Task input: Begin

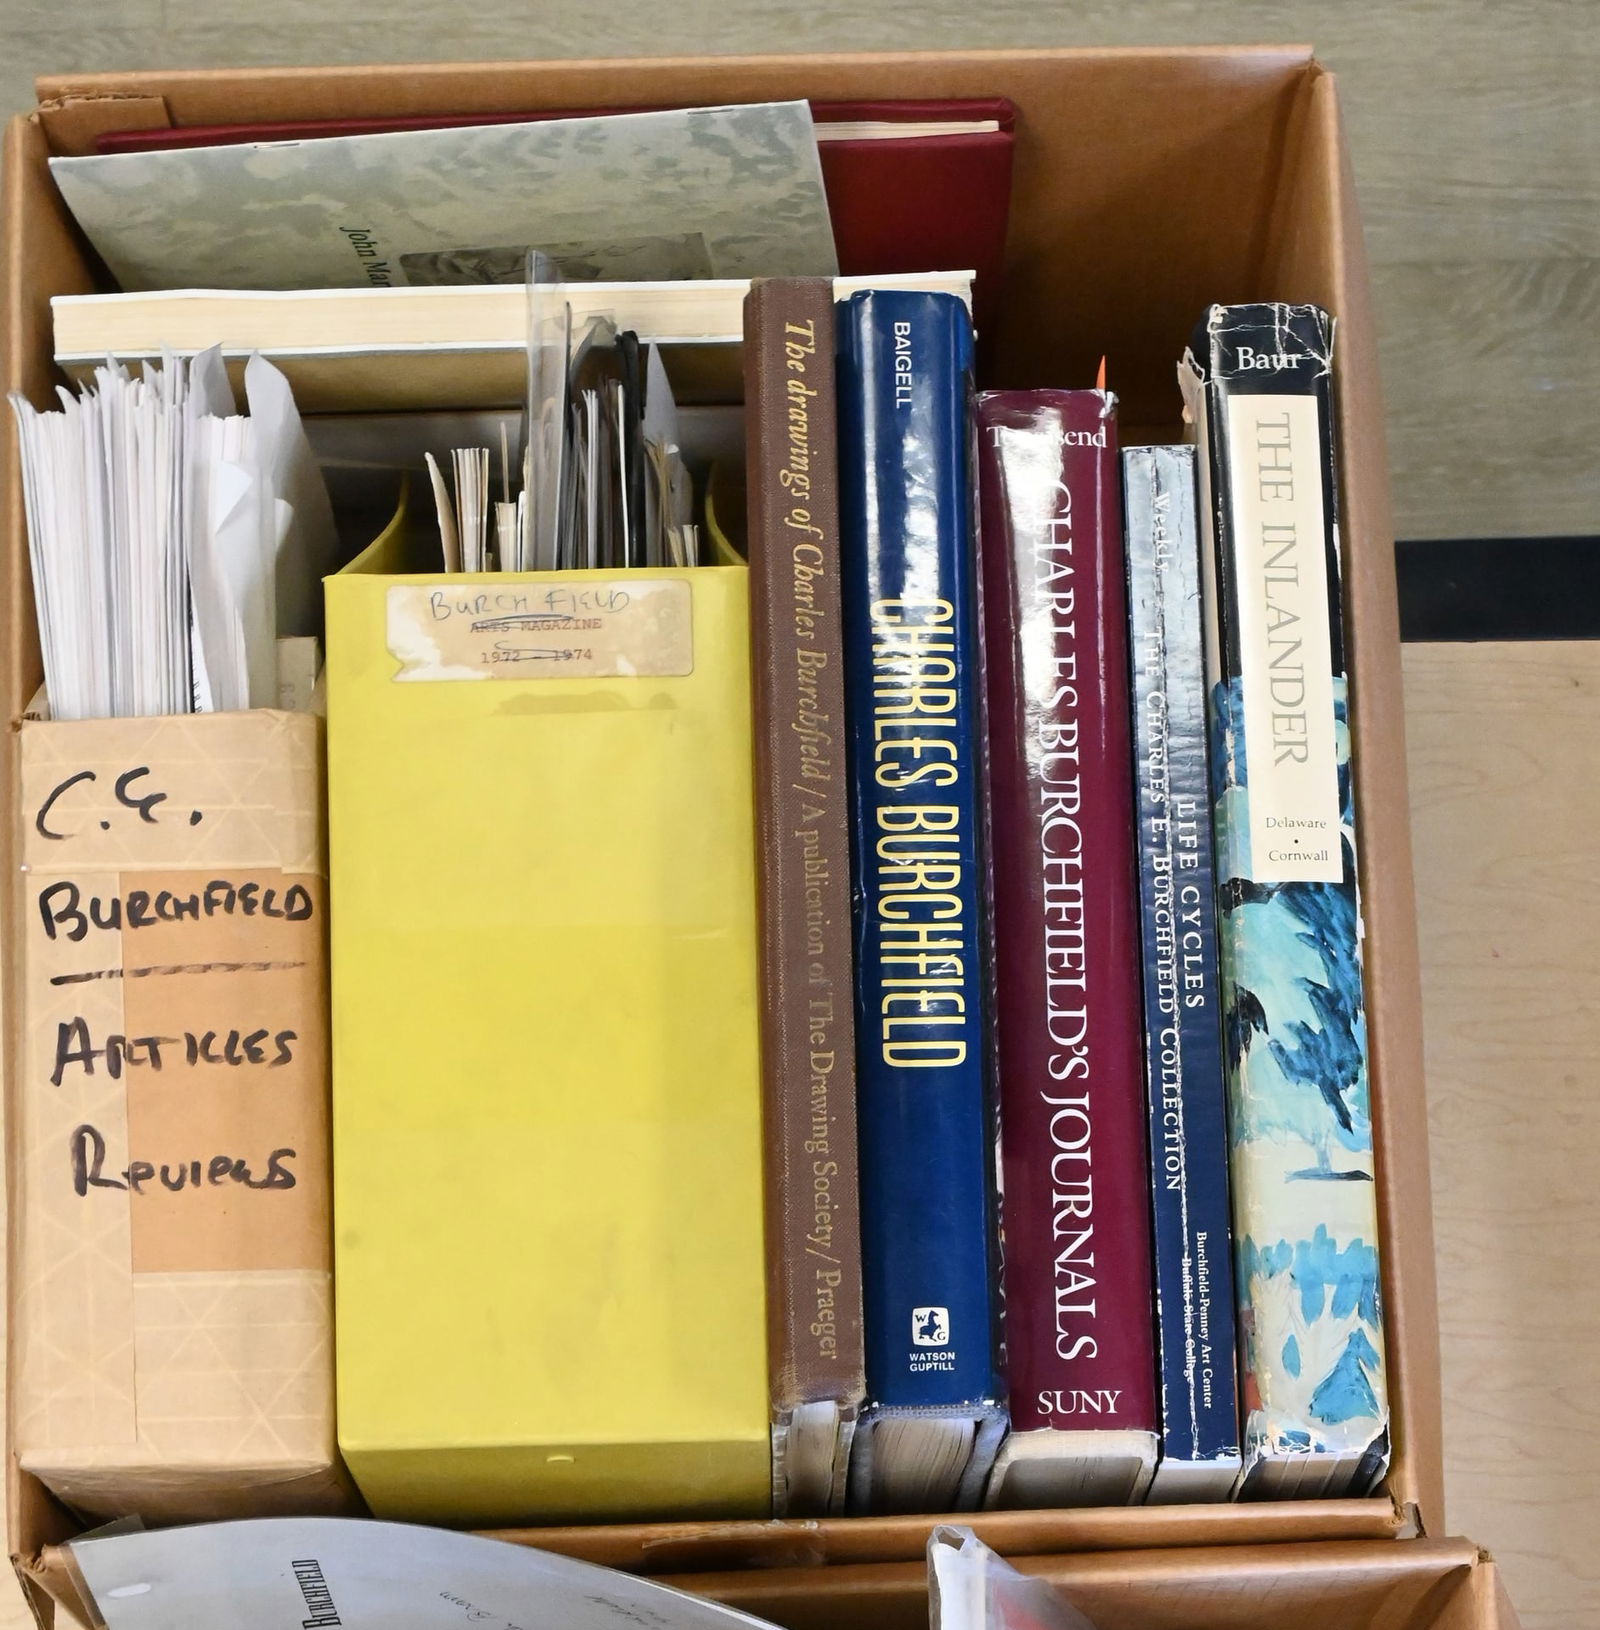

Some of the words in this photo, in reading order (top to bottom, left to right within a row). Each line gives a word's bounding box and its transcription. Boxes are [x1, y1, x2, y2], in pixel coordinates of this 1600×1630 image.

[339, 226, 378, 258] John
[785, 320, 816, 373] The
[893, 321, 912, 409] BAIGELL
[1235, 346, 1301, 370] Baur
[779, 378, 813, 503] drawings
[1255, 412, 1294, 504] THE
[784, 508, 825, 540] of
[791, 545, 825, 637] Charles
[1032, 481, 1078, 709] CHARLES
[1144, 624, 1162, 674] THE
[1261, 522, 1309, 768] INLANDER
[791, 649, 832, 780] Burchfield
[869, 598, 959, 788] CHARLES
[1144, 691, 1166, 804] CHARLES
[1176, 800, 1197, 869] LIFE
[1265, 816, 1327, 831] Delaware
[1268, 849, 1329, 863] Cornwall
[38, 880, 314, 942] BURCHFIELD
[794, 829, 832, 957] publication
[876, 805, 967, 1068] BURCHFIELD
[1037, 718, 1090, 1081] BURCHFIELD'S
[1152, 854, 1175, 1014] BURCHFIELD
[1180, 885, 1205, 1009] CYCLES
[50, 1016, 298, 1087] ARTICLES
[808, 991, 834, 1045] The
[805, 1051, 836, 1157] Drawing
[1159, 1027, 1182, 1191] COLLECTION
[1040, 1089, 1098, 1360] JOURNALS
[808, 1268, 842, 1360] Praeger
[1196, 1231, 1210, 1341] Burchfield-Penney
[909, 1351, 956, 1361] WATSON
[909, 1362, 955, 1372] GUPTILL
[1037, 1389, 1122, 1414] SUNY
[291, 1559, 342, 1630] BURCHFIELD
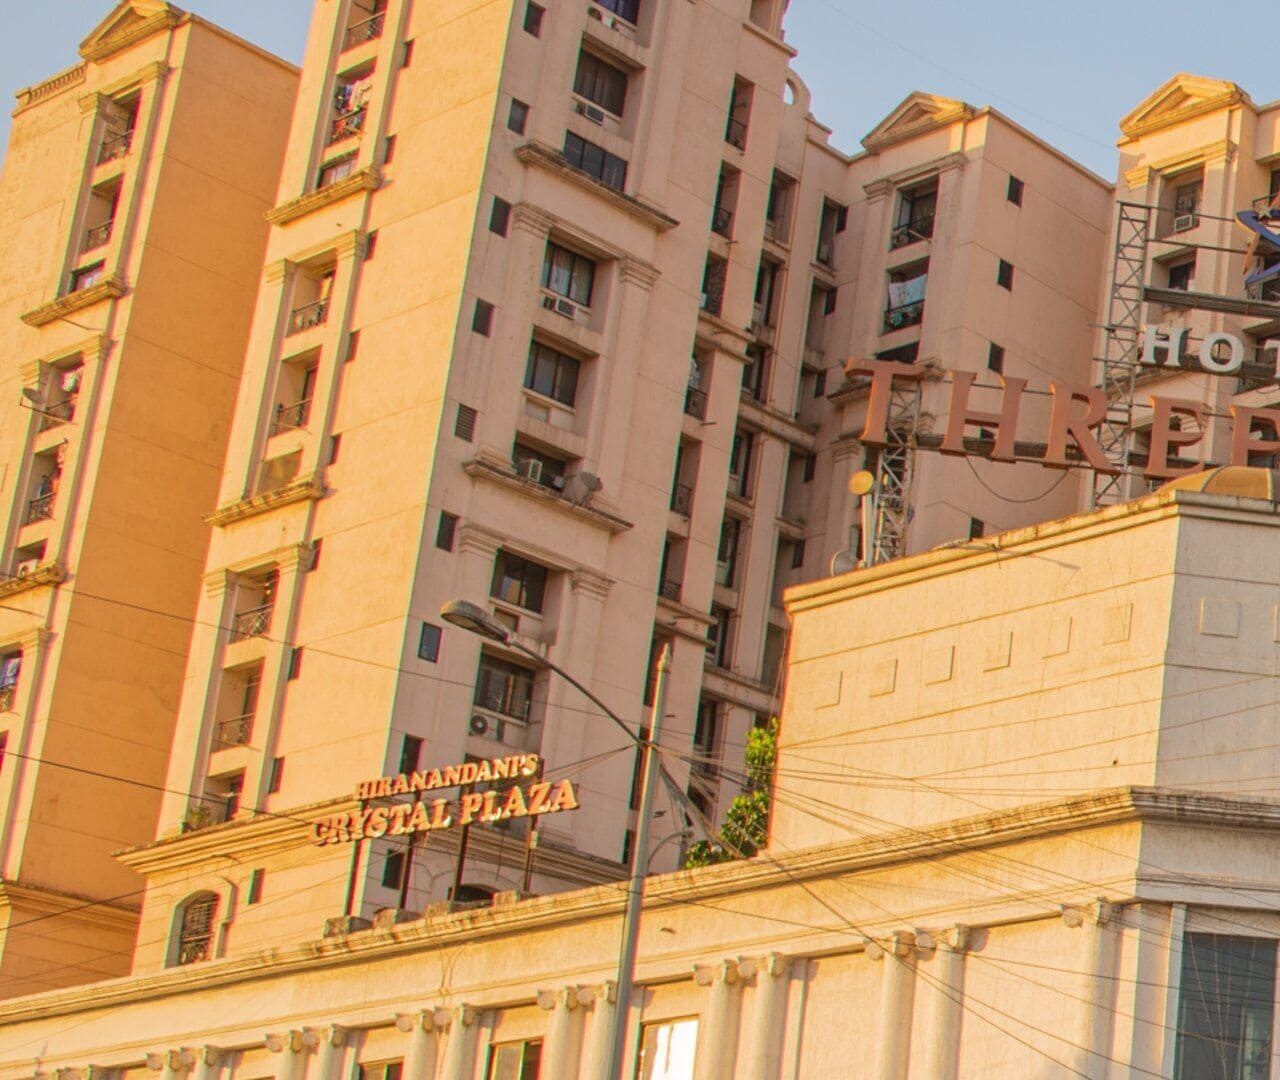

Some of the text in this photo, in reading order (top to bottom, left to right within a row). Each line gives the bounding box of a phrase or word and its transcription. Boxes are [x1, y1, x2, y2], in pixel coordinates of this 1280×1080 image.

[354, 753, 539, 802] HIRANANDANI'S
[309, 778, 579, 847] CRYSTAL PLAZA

Task input: End

_Directions for this task:_
Could you retype exactly the lines from the one containing "Some of the text" through the final line of the data above, and no others?

_Solution for this exercise:_
Some of the text in this photo, in reading order (top to bottom, left to right within a row). Each line gives the bounding box of a phrase or word and its transcription. Boxes are [x1, y1, x2, y2], in pixel coordinates of this 1280×1080 image.

[354, 753, 539, 802] HIRANANDANI'S
[309, 778, 579, 847] CRYSTAL PLAZA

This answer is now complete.